I have an array of functions that each return a float, and so I am trying to assign the results of those functions to an array. So I had something like this

results = similar(f_arr, Float64)
results .= [f(a, b, c) for f in f_arr]

however this is 10+ times slower than manually calling each function in the array, as in

results = similar(f_arr, Float64)
results[1] = f1(a, b, c)
results[2] = f2(a, b, c)
...

Is there an explanation as to why the first way is so slow? I also tried something like the following

results = similar(f_arr, Float64)
results .= [f_arr[i](a, b, c) for i in 1:length(f_arr)]
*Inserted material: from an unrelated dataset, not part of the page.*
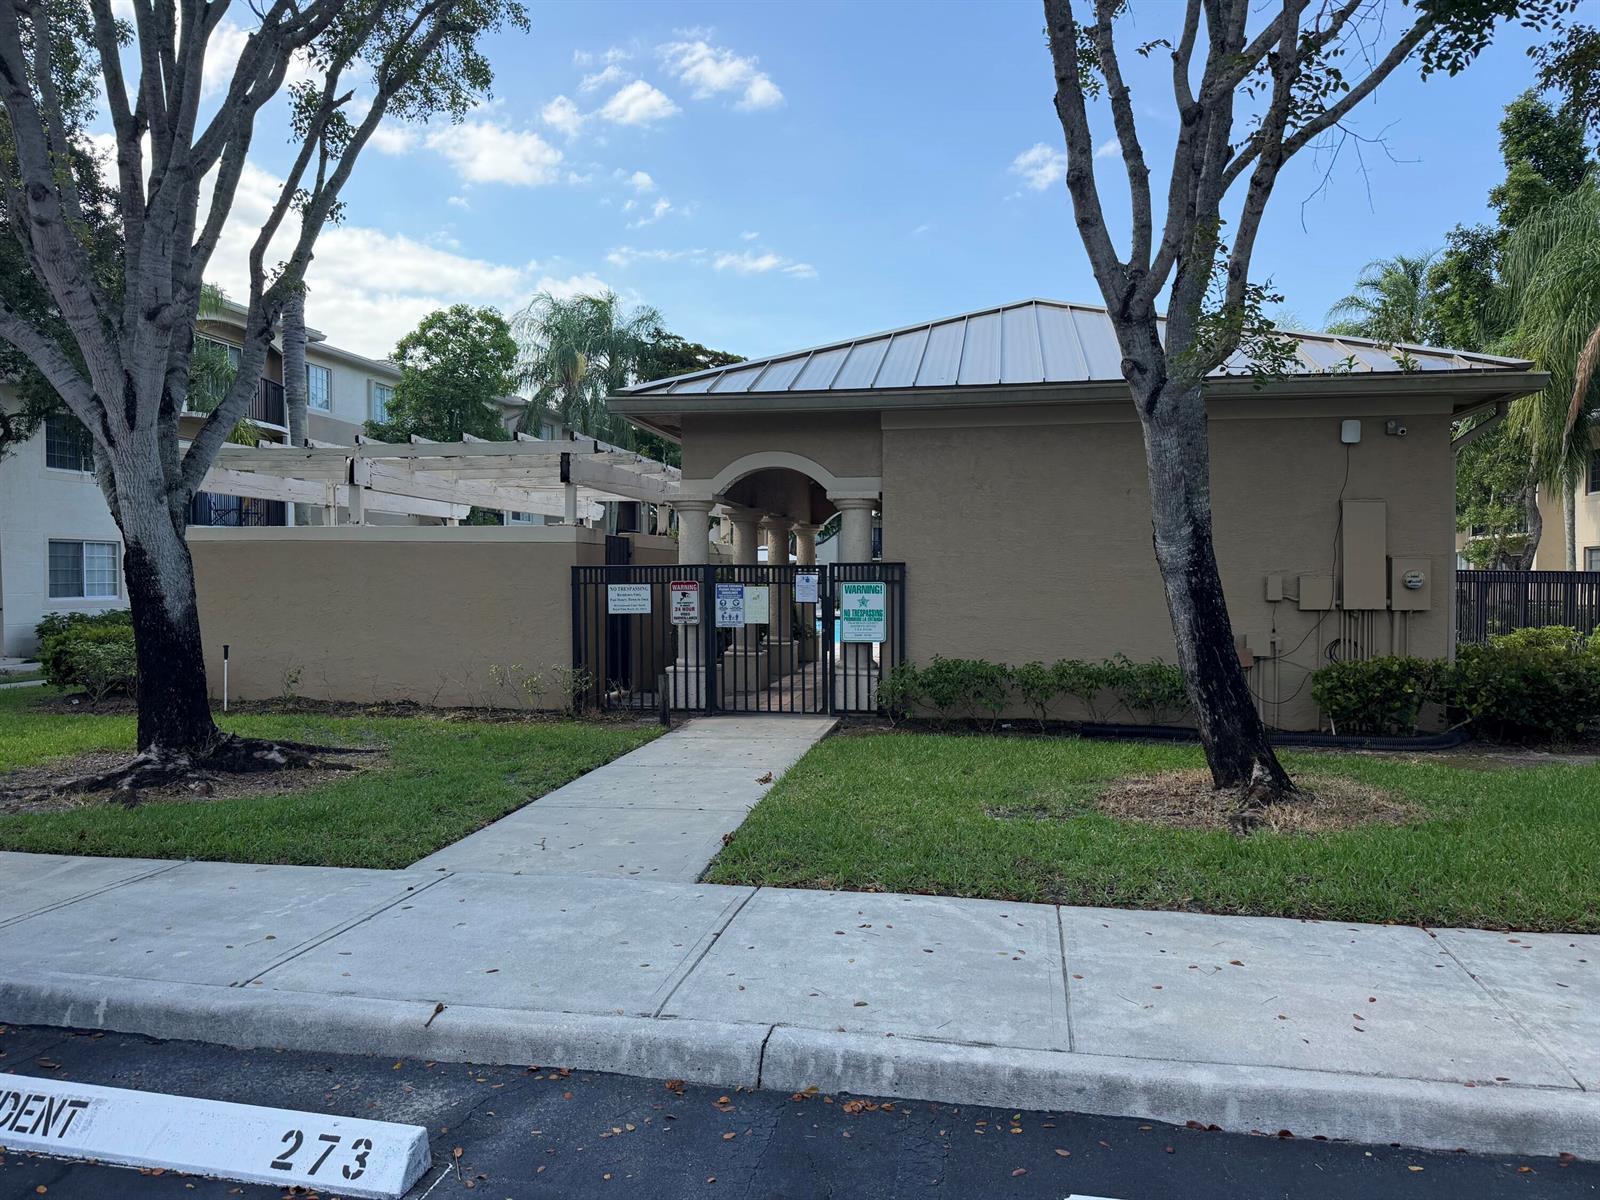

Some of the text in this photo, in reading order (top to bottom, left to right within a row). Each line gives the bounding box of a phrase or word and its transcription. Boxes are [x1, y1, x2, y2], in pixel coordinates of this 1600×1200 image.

and I got an error because the tuple (a, b, c) was getting passed to f_arr[i] instead of passing all three variables in the first two code blocks. I am fairly new to Julia so maybe there is some piece of documentation I am missing, and I would love to be pointed in the right direction.

Functions all have their own type so this code isn’t type stable.

You might be able to get some improvement by using a tuple instead.

using BenchmarkTools 

f_array = [sin,cos,tan]
f_tuple = (sin,cos,tan)

x = 1.0

@btime [f($x) for f in f_array];

@btime [f($x) for f in f_tuple];

354.717 ns (11 allocations: 272 bytes)
189.819 ns (3 allocations: 112 bytes)

This turns a tuple into an array, which is not optimal. Try to keep it as a tuple:

1.7.2> @btime ((f,x)->f(x)).($f, $x)
  29.435 ns (0 allocations: 0 bytes)
(0.8414709848078965, 0.5403023058681398, 1.5574077246549023)

Same as yours but a bit more elegant:

julia> @btime map(f->f($x), $f)
  34.945 ns (0 allocations: 0 bytes)
(0.8414709848078965, 0.5403023058681398, 1.5574077246549023)

What is the context for this? Maybe there is a more idiomatic way to represent what you are trying to do.